*BRIEF*
Write the records below out again word for word, with the pictures removed.

+===+

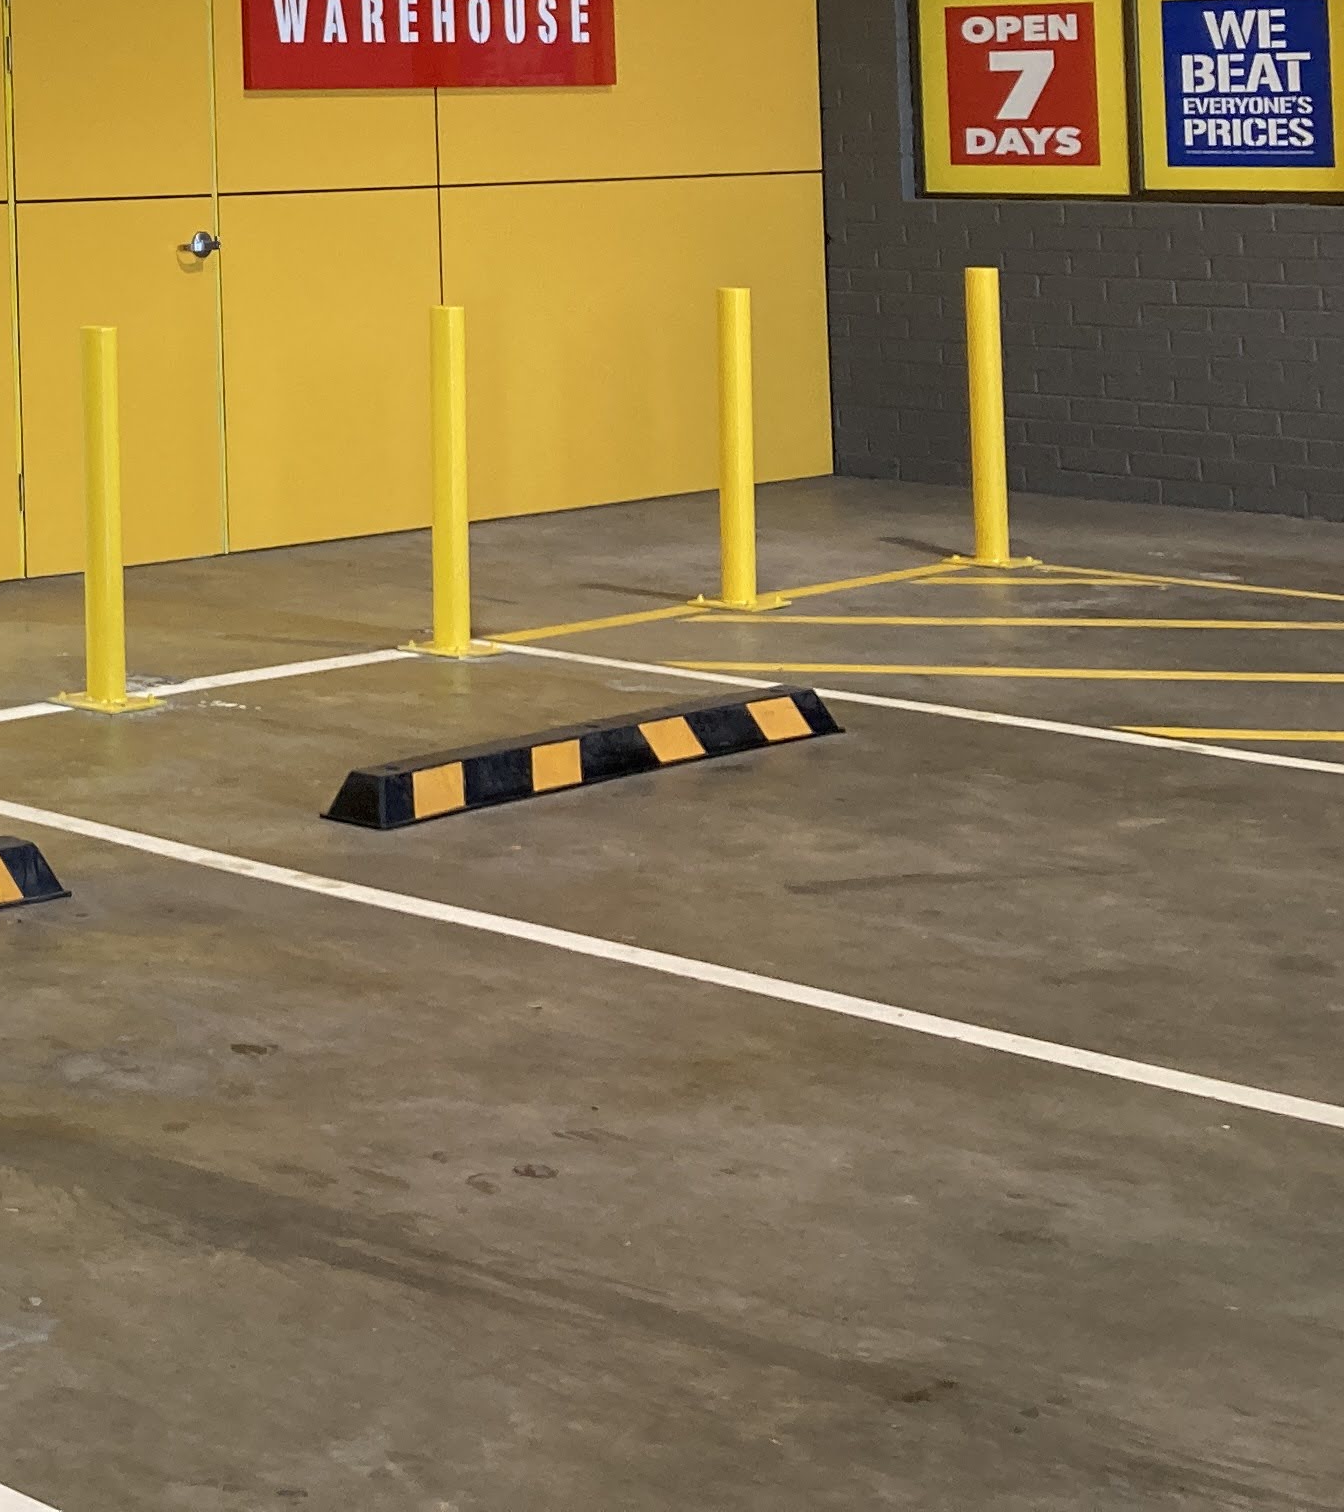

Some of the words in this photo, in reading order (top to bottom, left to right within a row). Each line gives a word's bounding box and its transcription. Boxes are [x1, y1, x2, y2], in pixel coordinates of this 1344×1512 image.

[961, 13, 1079, 44] OPEN
[1203, 8, 1286, 51] WE
[988, 49, 1055, 121] 7
[1181, 51, 1311, 94] BEAT
[1183, 95, 1313, 116] EVERYONE'S
[965, 127, 1082, 156] DAYS
[1184, 118, 1315, 148] PRICES

+===+

*ANSWER TO THIS TASK*
Some of the words in this photo, in reading order (top to bottom, left to right within a row). Each line gives a word's bounding box and its transcription. Boxes are [x1, y1, x2, y2], in pixel coordinates of this 1344×1512 image.

[961, 13, 1079, 44] OPEN
[1203, 8, 1286, 51] WE
[988, 49, 1055, 121] 7
[1181, 51, 1311, 94] BEAT
[1183, 95, 1313, 116] EVERYONE'S
[965, 127, 1082, 156] DAYS
[1184, 118, 1315, 148] PRICES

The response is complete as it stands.